Packet delivery ratio.
Figure 7 shows the aggregated throughput of the CLC-routing, CLC-routing-random, SAR, and ARI-AODV. Aggregated throughput was calculated as the average rate of successful packet delivery over six communication flows. Because of the less rerouting, less network partitioning, and less channel switching, CLC-routing achieved a higher throughput than the remaining three approaches. Because the size of outgoing packet queue is fixed in the simulation, SUs cannot deliver all the packets generated with higher traffic flow. Therefore, the protocols with higher network partitioning and frequent channel switching achieve a lower aggregated throughput.

Network throughput in various traffic rates.

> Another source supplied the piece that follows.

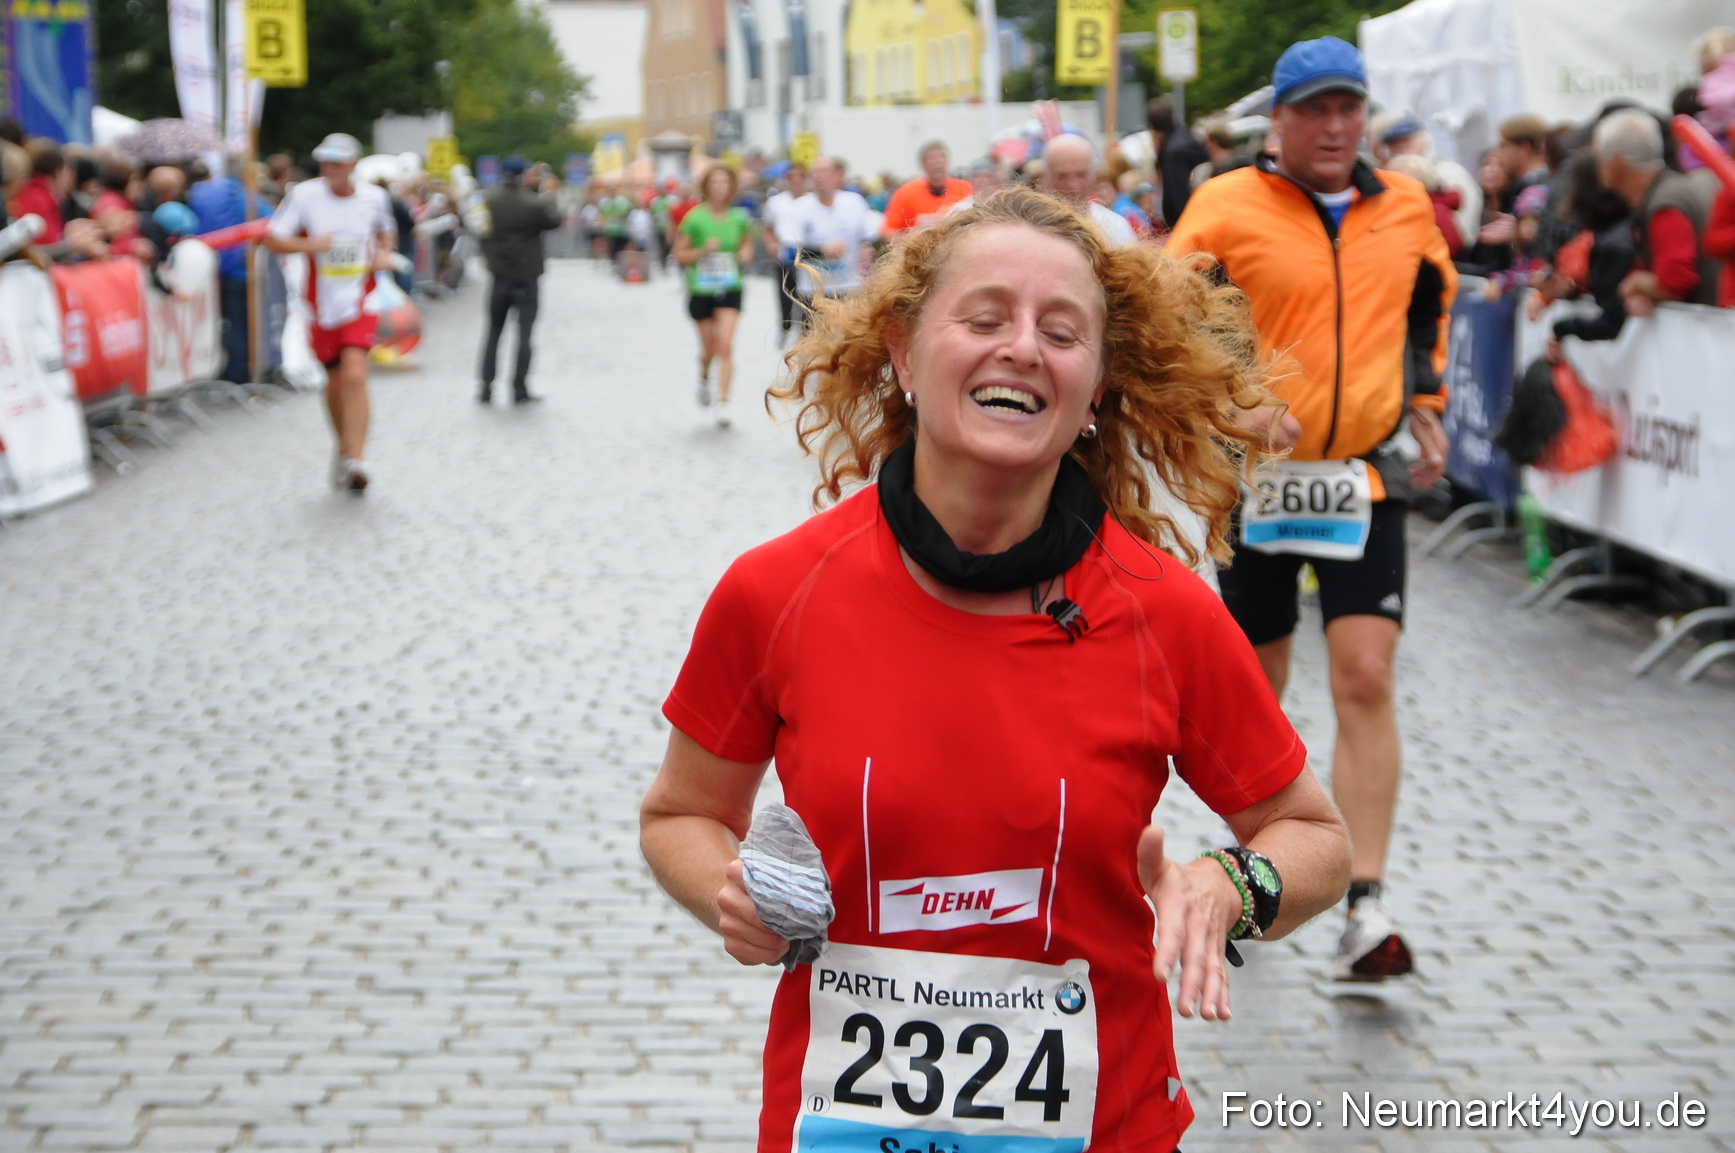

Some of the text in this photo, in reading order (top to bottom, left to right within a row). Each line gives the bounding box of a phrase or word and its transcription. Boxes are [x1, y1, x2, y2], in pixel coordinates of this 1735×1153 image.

Figure 8 compares the average end-to-end delay. The average end-to-end delay was calculated as the average time between the transmission of data packets at the source SU and the successful reception of the packet at the destination SU. This is because higher CBR traffic rate generates more interference, so the end-to-end delay increases. SAR and ARI-AODV have a higher average end-to-end delay because they invalidate the route and reroute frequently. Although this study considered two transceivers, one transceiver was dedicated to the CCC and the other transceiver (called data transceiver) was only used for data transfer. If the data receiving channel and data sending channel are different, then the average end-to-end delay increases because of the frequent mandatory channel switching.

Average end-to-end delay in various traffic flows.
6. Conclusion and Future Works
This paper presented a cross-layer-based cognitive radio routing protocol for cognitive radio networks. Because rerouting is expensive in terms of energy, delay, and throughput, it is better to select a route in such a way that requires less channel switching. Excessive workload on a particular node causes network partitioning and induces repeated rerouting. The proposed protocol incorporated power awareness and spectrum information with a cross-layer approach. Future work will introduce fuzzy-logic-based channel selection.
Footnotes
Conflict of Interests
The authors declare that there is no conflict of interests regarding the publication of this paper.
Acknowledgment
This work was supported by the 2015 Yeungnam University Research Grant.